_Information provided_
--

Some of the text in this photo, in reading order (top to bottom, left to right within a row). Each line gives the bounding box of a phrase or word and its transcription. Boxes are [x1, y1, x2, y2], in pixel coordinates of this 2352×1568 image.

--

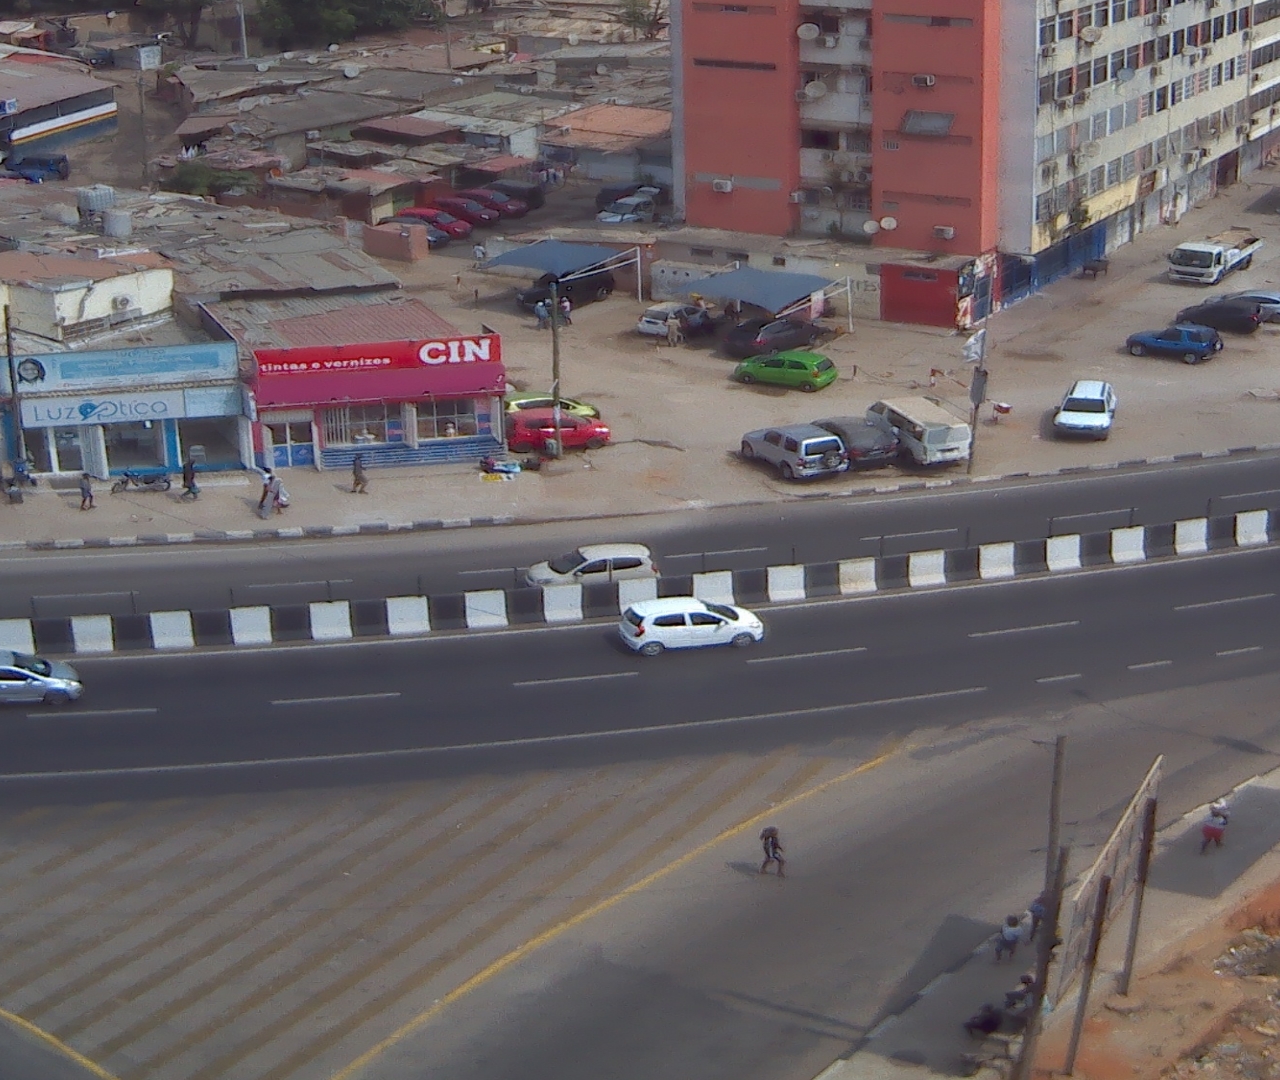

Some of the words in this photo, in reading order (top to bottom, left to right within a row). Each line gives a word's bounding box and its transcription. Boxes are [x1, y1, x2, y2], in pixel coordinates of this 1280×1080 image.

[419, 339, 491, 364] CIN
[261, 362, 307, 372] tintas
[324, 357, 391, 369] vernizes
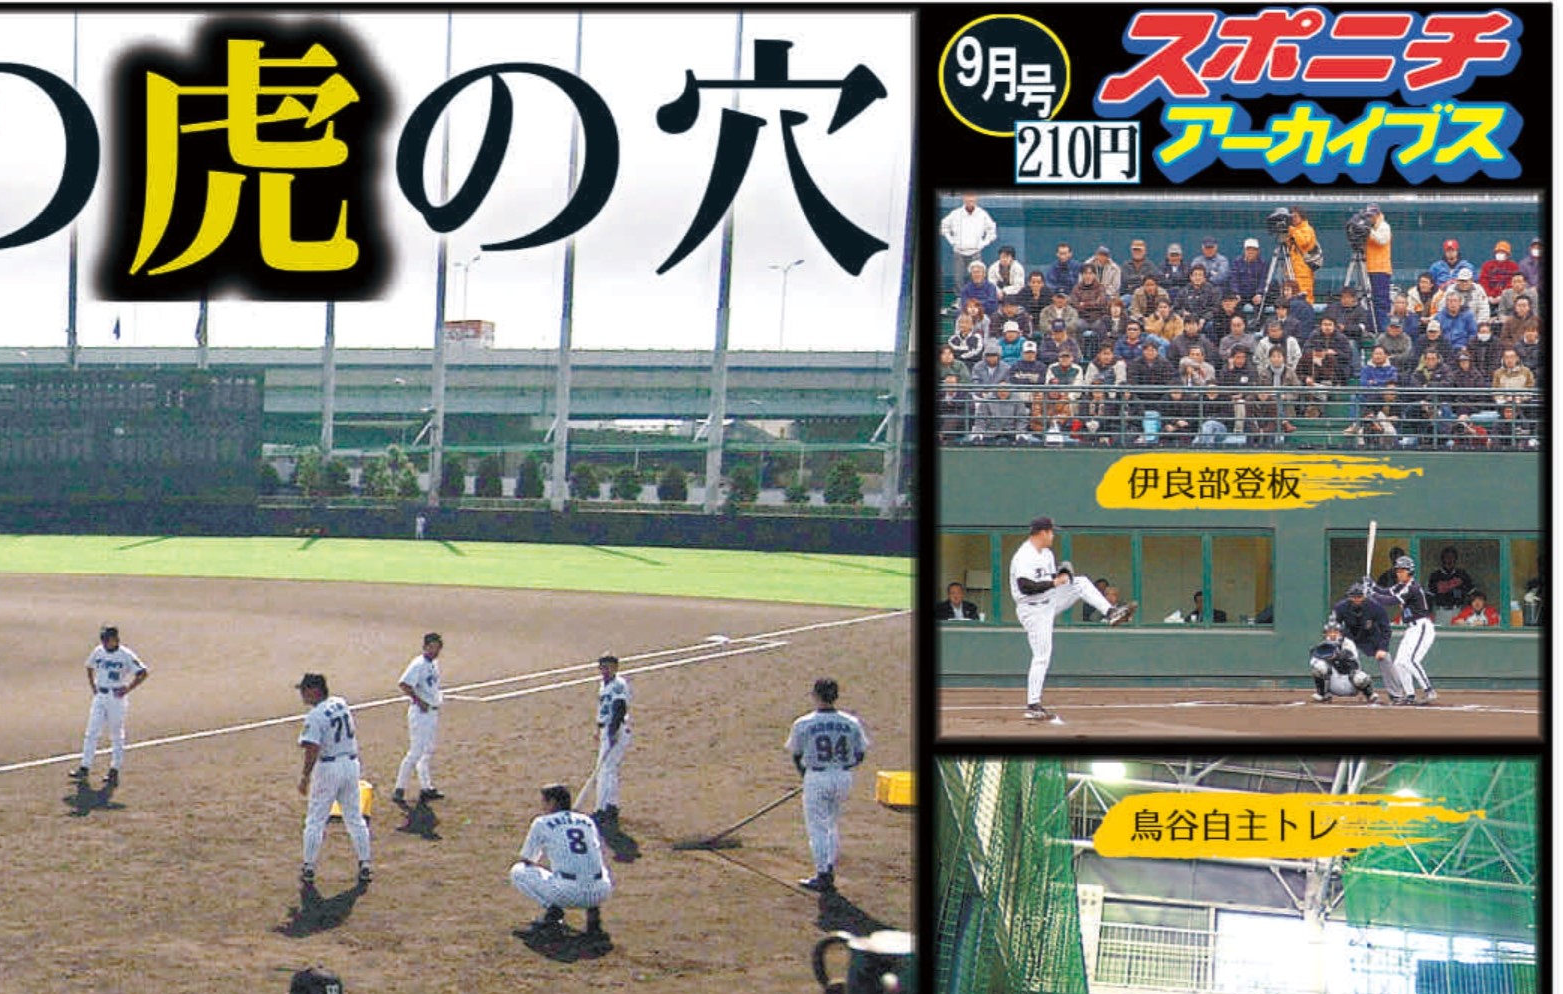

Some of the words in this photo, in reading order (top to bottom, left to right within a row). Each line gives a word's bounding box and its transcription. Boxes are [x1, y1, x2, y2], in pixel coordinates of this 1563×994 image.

--

_Action item_
Transcribe exactly the lines above, beginning at the one with "this 1280×1080 image." and going up to and including the one with "this 1563×994 image.". Pictures do not belong in the copy.

_Written answer_
Some of the words in this photo, in reading order (top to bottom, left to right within a row). Each line gives a word's bounding box and its transcription. Boxes are [x1, y1, x2, y2], in pixel coordinates of this 1280×1080 image.

[419, 339, 491, 364] CIN
[261, 362, 307, 372] tintas
[324, 357, 391, 369] vernizes

Some of the words in this photo, in reading order (top to bottom, left to right within a row). Each line gives a word's bounding box and its transcription. Boxes are [x1, y1, x2, y2], in pixel coordinates of this 1563×994 image.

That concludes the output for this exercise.